▶ [PROMPT]:
Print the data once more, exactly as given. Drop the pictures.

▶ [GIVEN DATA]:
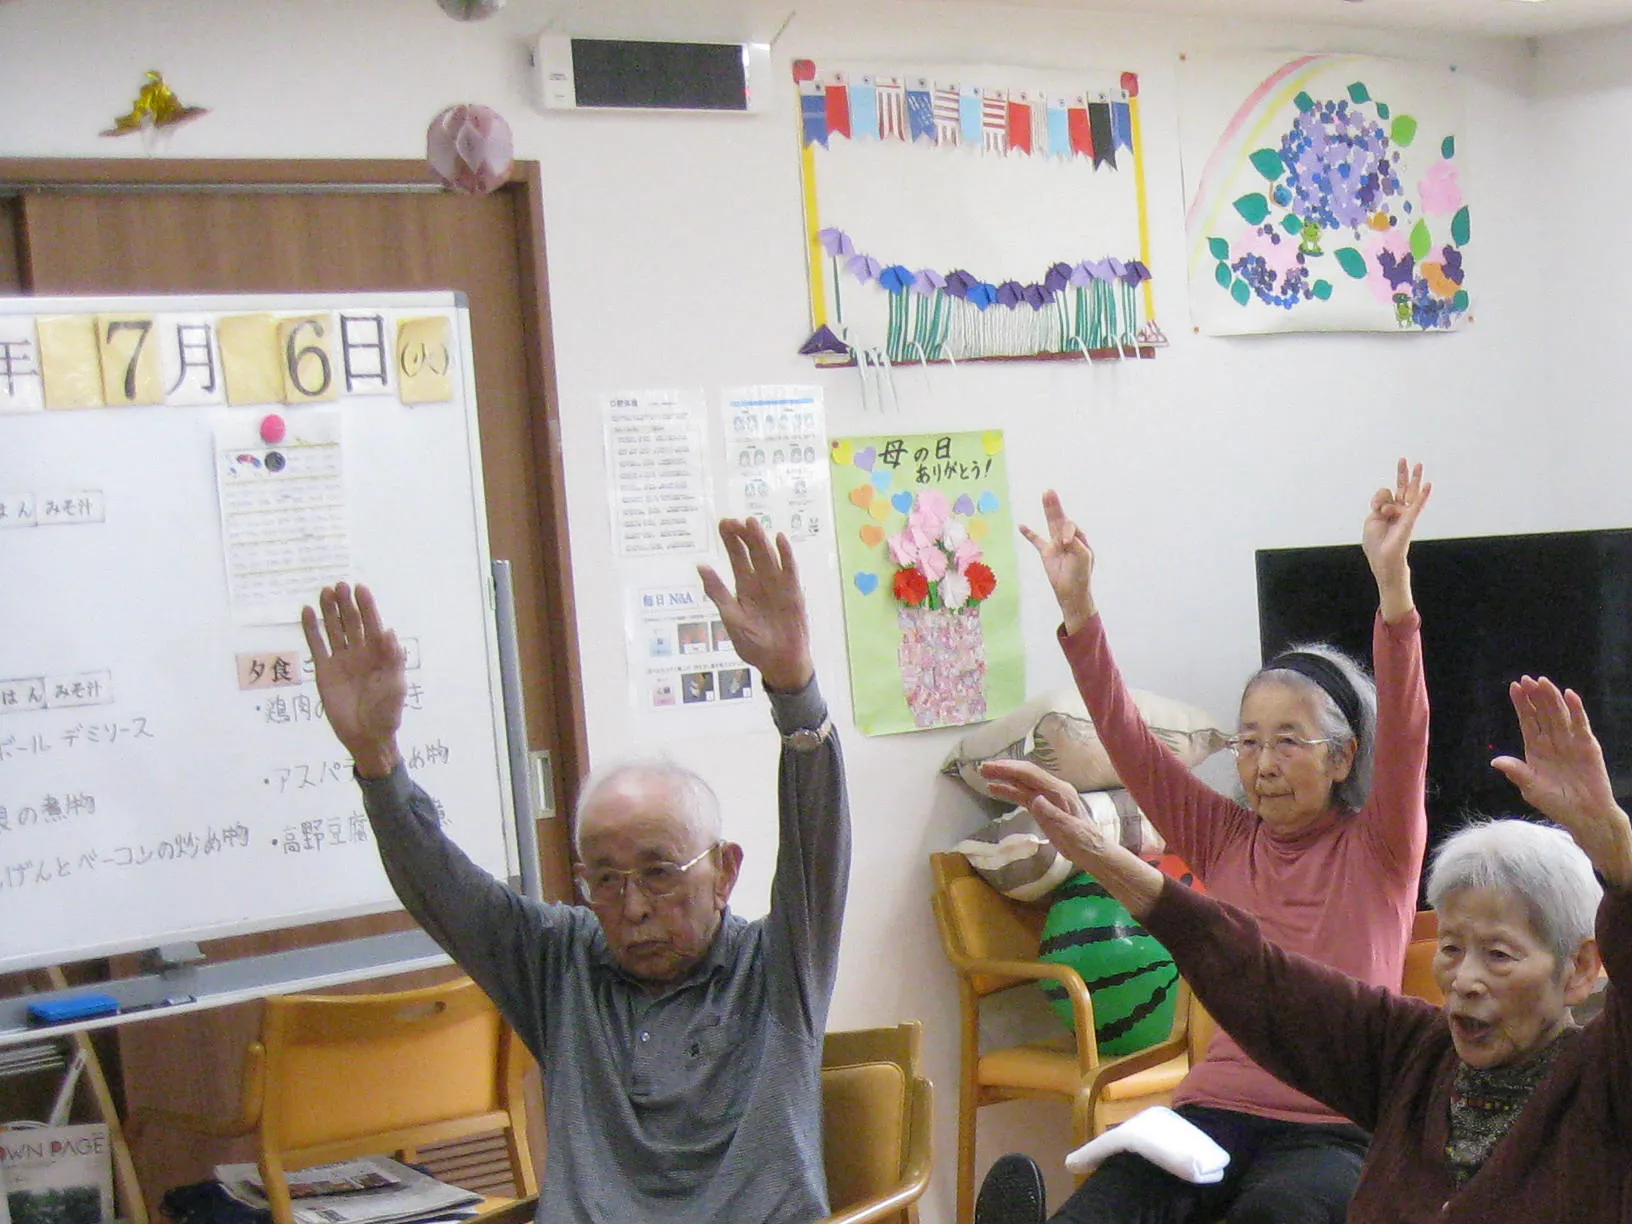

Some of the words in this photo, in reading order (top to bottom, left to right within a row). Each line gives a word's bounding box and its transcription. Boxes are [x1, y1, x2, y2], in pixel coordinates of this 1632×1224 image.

[878, 436, 952, 469] 母の日
[249, 656, 293, 684] 夕食
[55, 680, 102, 699] みそ汁
[50, 1136, 105, 1157] PAGE
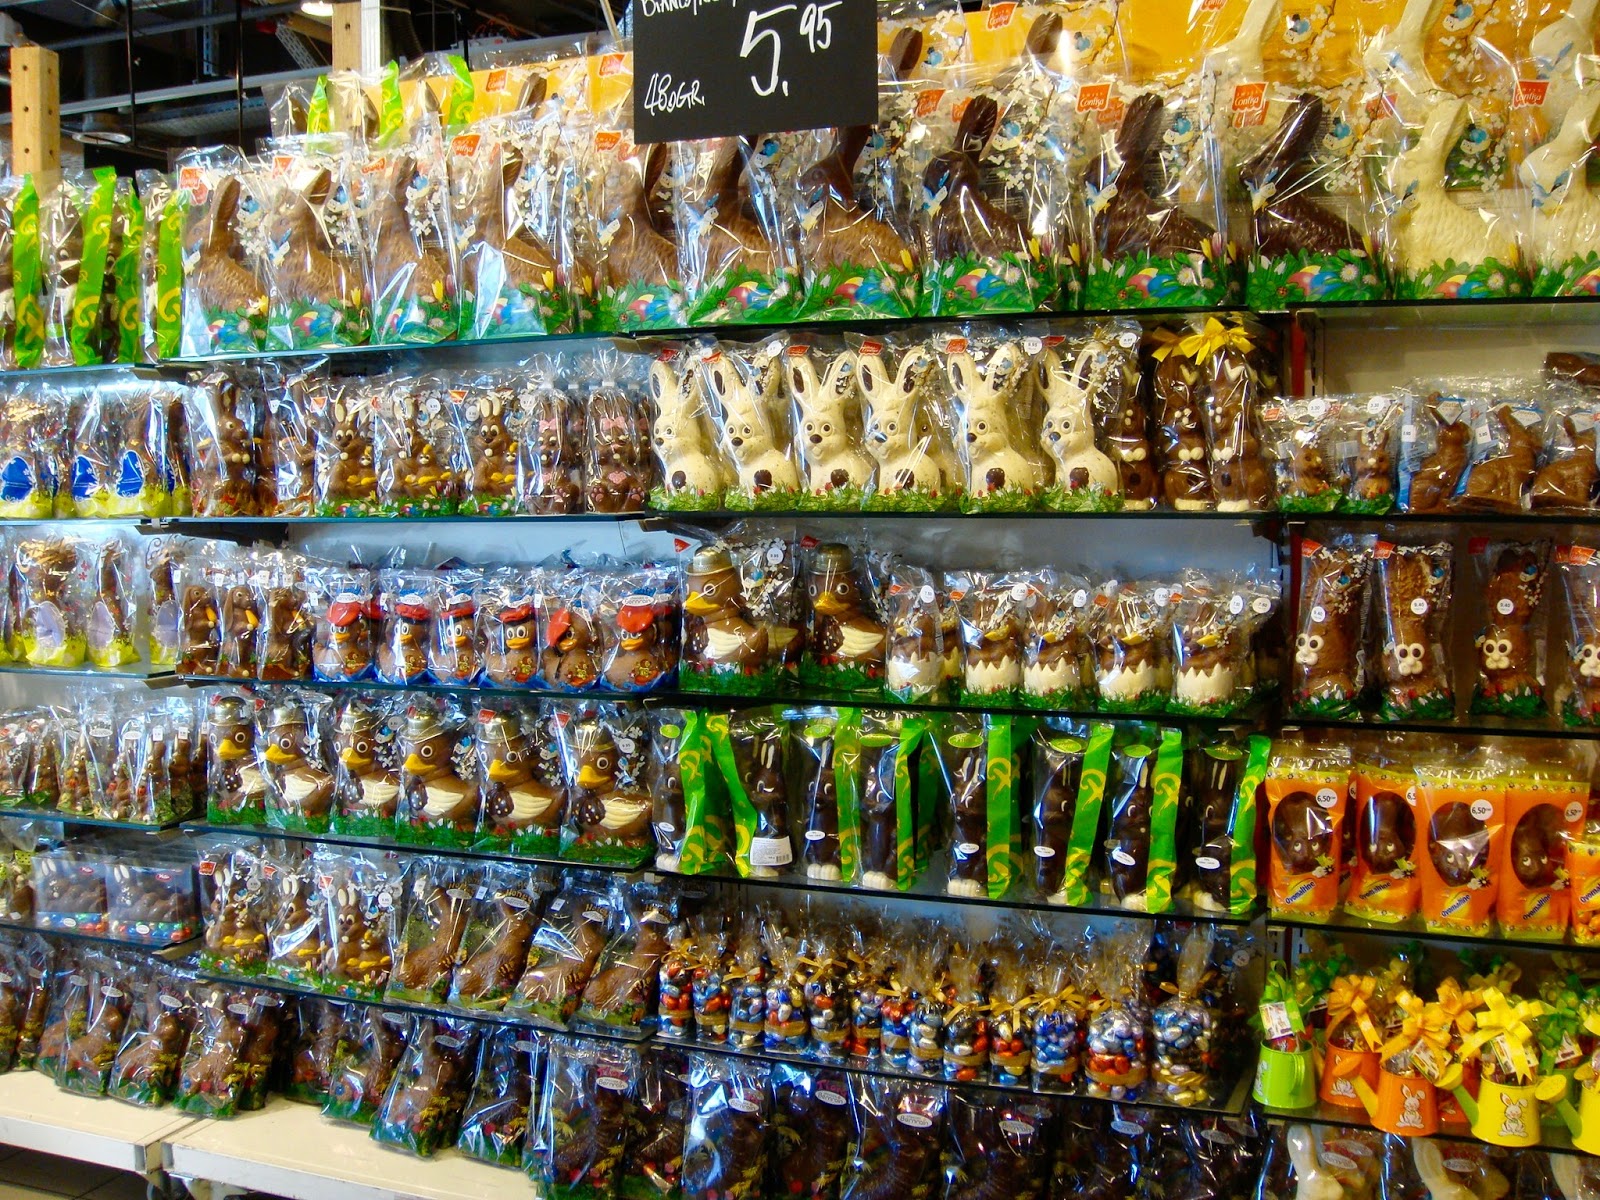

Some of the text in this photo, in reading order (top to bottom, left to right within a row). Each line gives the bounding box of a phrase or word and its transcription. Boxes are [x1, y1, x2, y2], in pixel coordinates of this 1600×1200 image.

▶ [WRITTEN RESPONSE]:
Some of the words in this photo, in reading order (top to bottom, left to right within a row). Each line gives a word's bounding box and its transcription. Boxes are [x1, y1, x2, y2], in pixel coordinates of this 1632×1224 image.

[878, 436, 952, 469] 母の日
[249, 656, 293, 684] 夕食
[55, 680, 102, 699] みそ汁
[50, 1136, 105, 1157] PAGE

Some of the text in this photo, in reading order (top to bottom, left to right within a row). Each line gives the bounding box of a phrase or word and its transcription. Boxes are [x1, y1, x2, y2], in pixel coordinates of this 1600×1200 image.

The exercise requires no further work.